Desigualdades e diferenças sempre estão na mira de pesquisadoras e pesquisadores que adotam perspectivas de gênero e de feminismo. O campo está permeado por ideólogos e praticantes da busca por uma igualdade que, nem quando é encontrada,... more
Desigualdades e diferenças sempre estão na mira de pesquisadoras e pesquisadores que adotam perspectivas de gênero e de feminismo. O campo está permeado por ideólogos e praticantes da busca por uma igualdade que, nem quando é encontrada, configura-se como “igual”. De fato, deleita-se mais na promoção da igualdade do que no seu encontro, justamente porque a igualdade que se busca é uma igualdade que respeita as diferenças. Isto implica em não inserir as diferenças observadas e vividas em quadros ou campos que outorgam mais poder e valorização a uma diferença e menos a outra.

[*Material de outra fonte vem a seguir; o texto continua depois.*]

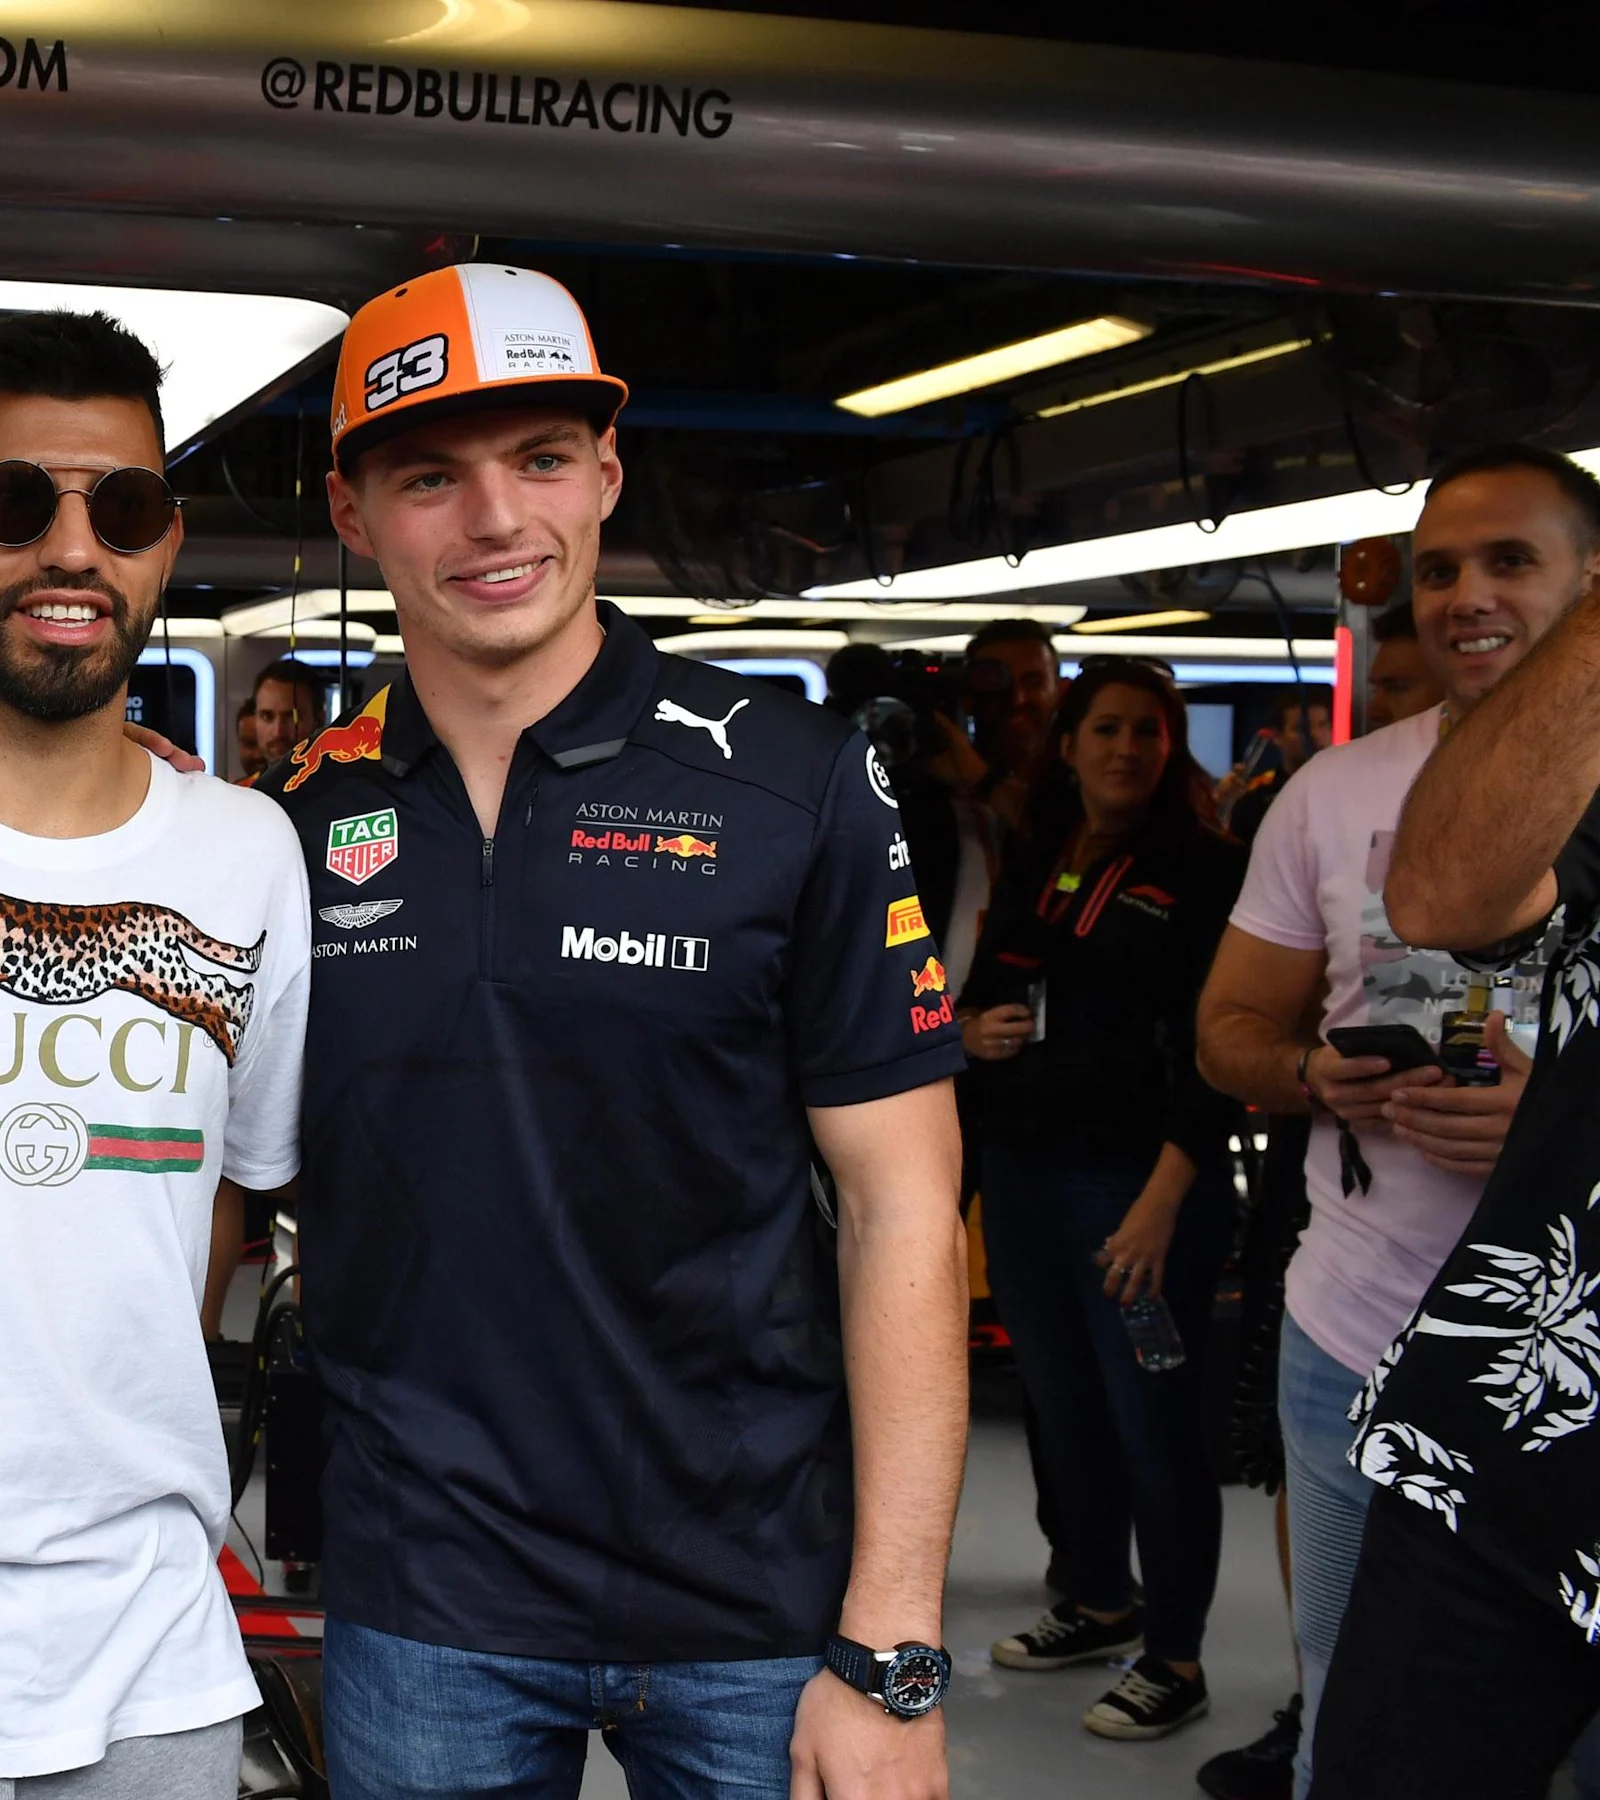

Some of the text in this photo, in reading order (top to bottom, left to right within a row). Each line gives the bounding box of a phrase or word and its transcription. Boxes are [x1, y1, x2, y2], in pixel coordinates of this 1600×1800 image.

[261, 57, 733, 139] @REDBULLRACING
[504, 333, 571, 346] ASTON MARTIN
[506, 349, 546, 359] Red Bull
[366, 335, 447, 411] 33
[508, 361, 576, 373] RACING
[575, 802, 724, 829] ASTON MARTIN
[336, 815, 391, 844] TAG
[571, 829, 652, 852] Red Bull
[332, 842, 393, 879] HEUER
[568, 852, 717, 876] RACING
[353, 935, 417, 955] MARTIN
[561, 926, 666, 967] Mobil
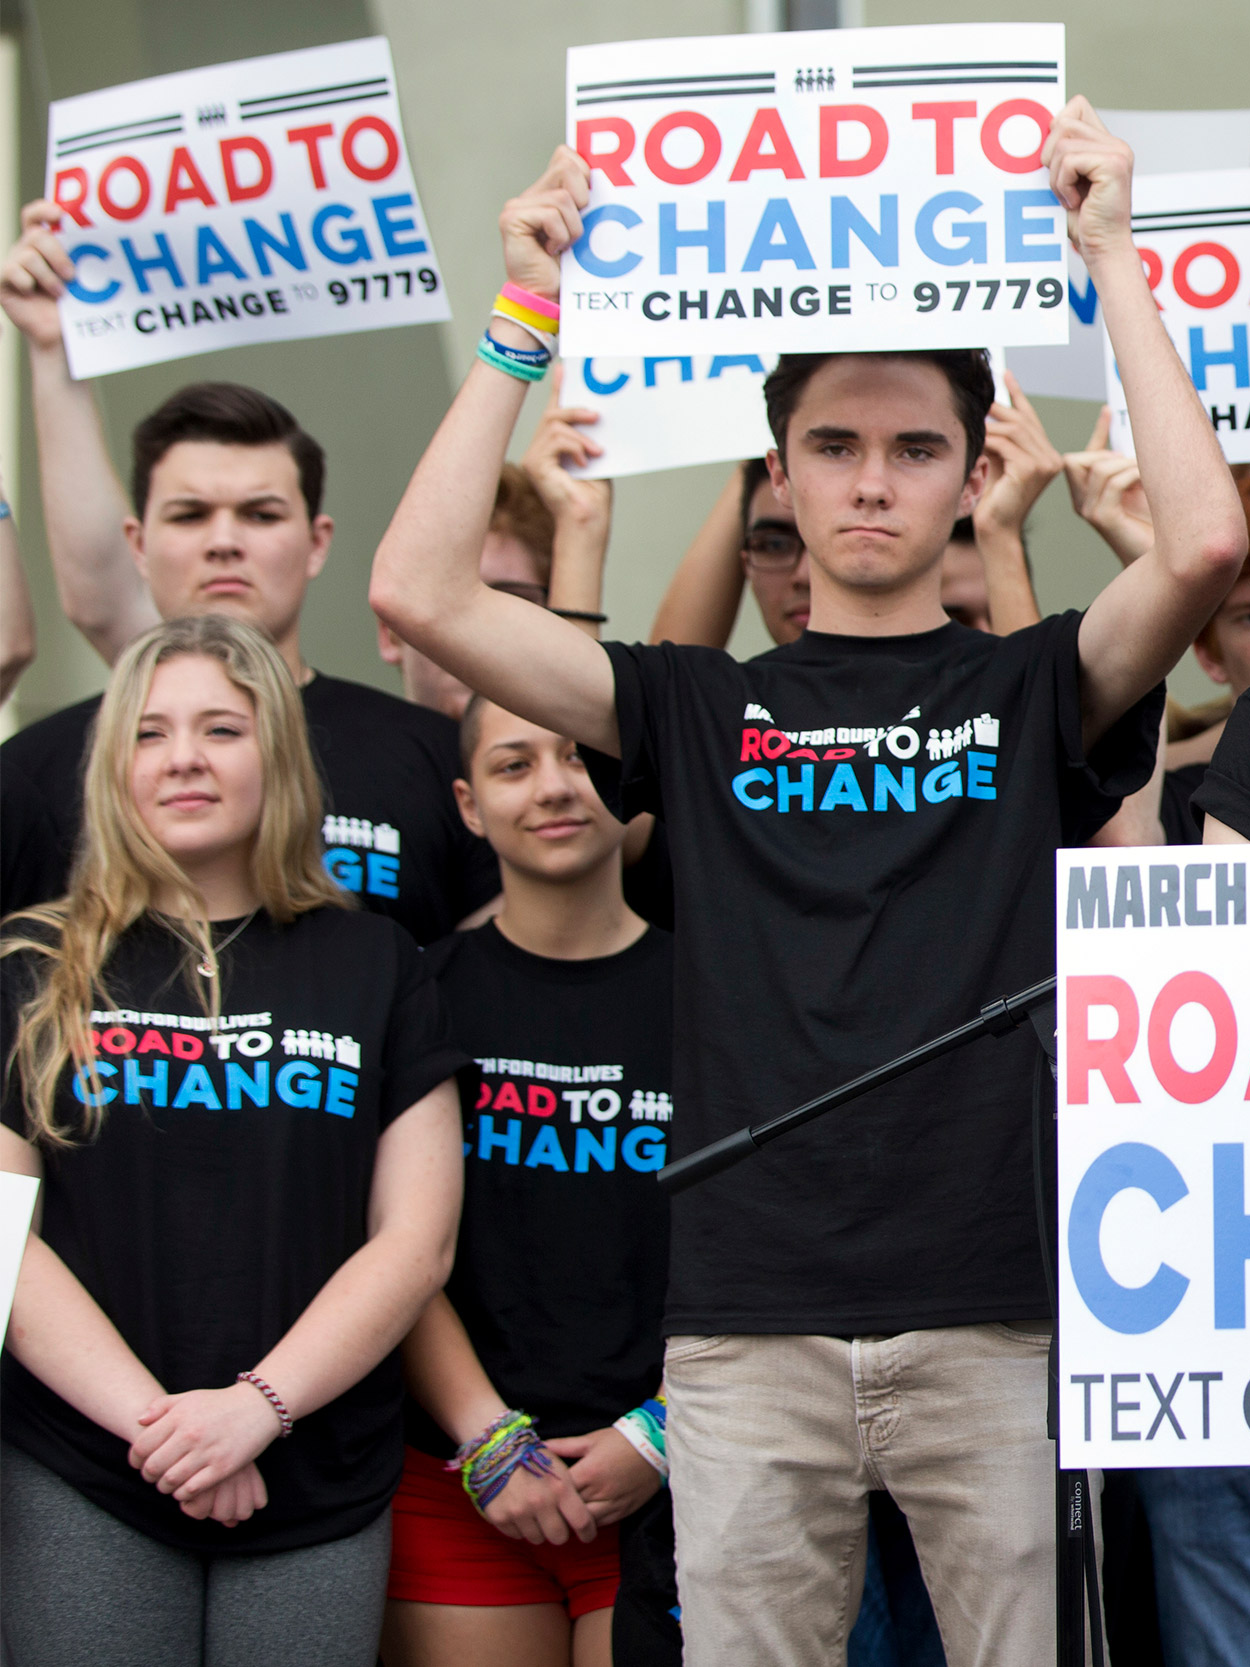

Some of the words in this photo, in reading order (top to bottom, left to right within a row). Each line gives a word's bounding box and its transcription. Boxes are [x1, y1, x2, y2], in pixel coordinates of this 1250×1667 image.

[575, 103, 889, 187] ROAD
[911, 99, 1053, 175] TO
[51, 135, 274, 234] ROAD
[286, 115, 400, 189] TO
[65, 193, 428, 304] CHANGE
[571, 190, 1063, 278] CHANGE
[75, 312, 126, 338] TEXT
[134, 289, 289, 335] CHANGE
[292, 282, 320, 301] TO
[327, 267, 440, 306] 97779
[573, 290, 634, 311] TEXT
[642, 284, 852, 321] CHANGE
[866, 282, 897, 301] TO
[913, 277, 1064, 313] 97779
[739, 728, 857, 762] ROAD
[731, 750, 998, 813] CHANGE
[90, 1009, 140, 1025] ARCH
[141, 1012, 179, 1028] FOR
[218, 1011, 273, 1030] LIVES
[208, 1030, 274, 1061] TO
[72, 1058, 359, 1119] CHANGE
[498, 1057, 535, 1078] FOR
[534, 1062, 574, 1084] OUR
[573, 1064, 624, 1084] LIVES
[561, 1088, 622, 1124] TO
[463, 1114, 668, 1174] HANG
[1071, 1370, 1223, 1442] TEXT
[1075, 1481, 1083, 1530] connect
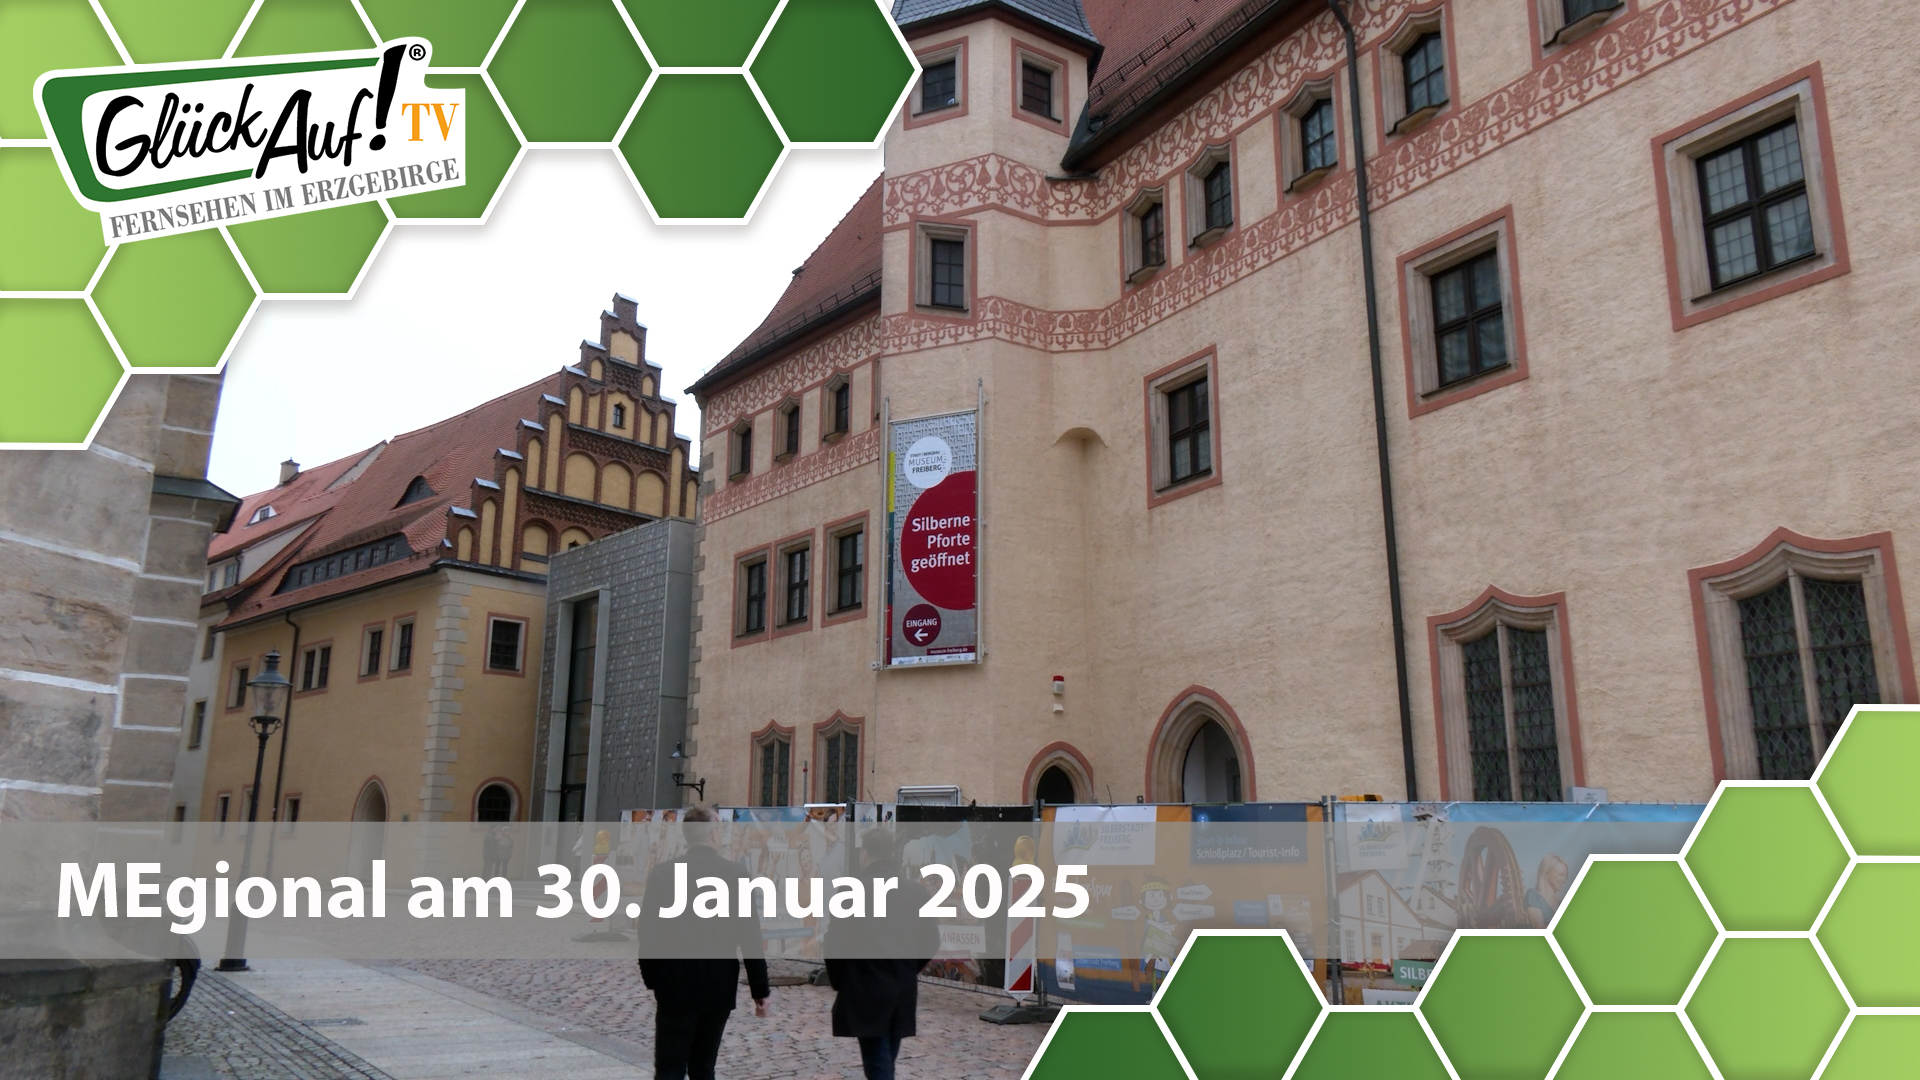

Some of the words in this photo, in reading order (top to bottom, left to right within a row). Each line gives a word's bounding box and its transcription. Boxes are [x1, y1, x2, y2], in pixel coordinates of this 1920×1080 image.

[909, 455, 943, 466] MUSEUM
[912, 463, 942, 474] FREIBERG
[911, 515, 971, 532] Silberne
[927, 533, 971, 549] Pforte
[911, 551, 971, 573] geöffnet
[906, 618, 938, 628] EINGANG
[1101, 823, 1145, 834] SILBERSTADT
[1100, 834, 1132, 844] FREIBERG
[1197, 835, 1215, 846] Start
[1216, 835, 1223, 845] &
[1225, 834, 1249, 845] Infos:
[1247, 846, 1300, 858] Tourist-Info
[941, 932, 980, 945] ANFASSEN

Historicamente, nem havia cegueira sobre poder e hierarquias quando quem pesquisava sobre “papéis sociais de sexo” parecia estar encontrando roteiros prescritivos que naturalizavam tais papéis. Qualquer leitura criteriosa da literatura com essa terminologia de “papéis” – atualmente banida da literatura sobre gênero e feminismo – percebia que pesquisadoras e pesquisadores estavam falando de relações hierárquicas!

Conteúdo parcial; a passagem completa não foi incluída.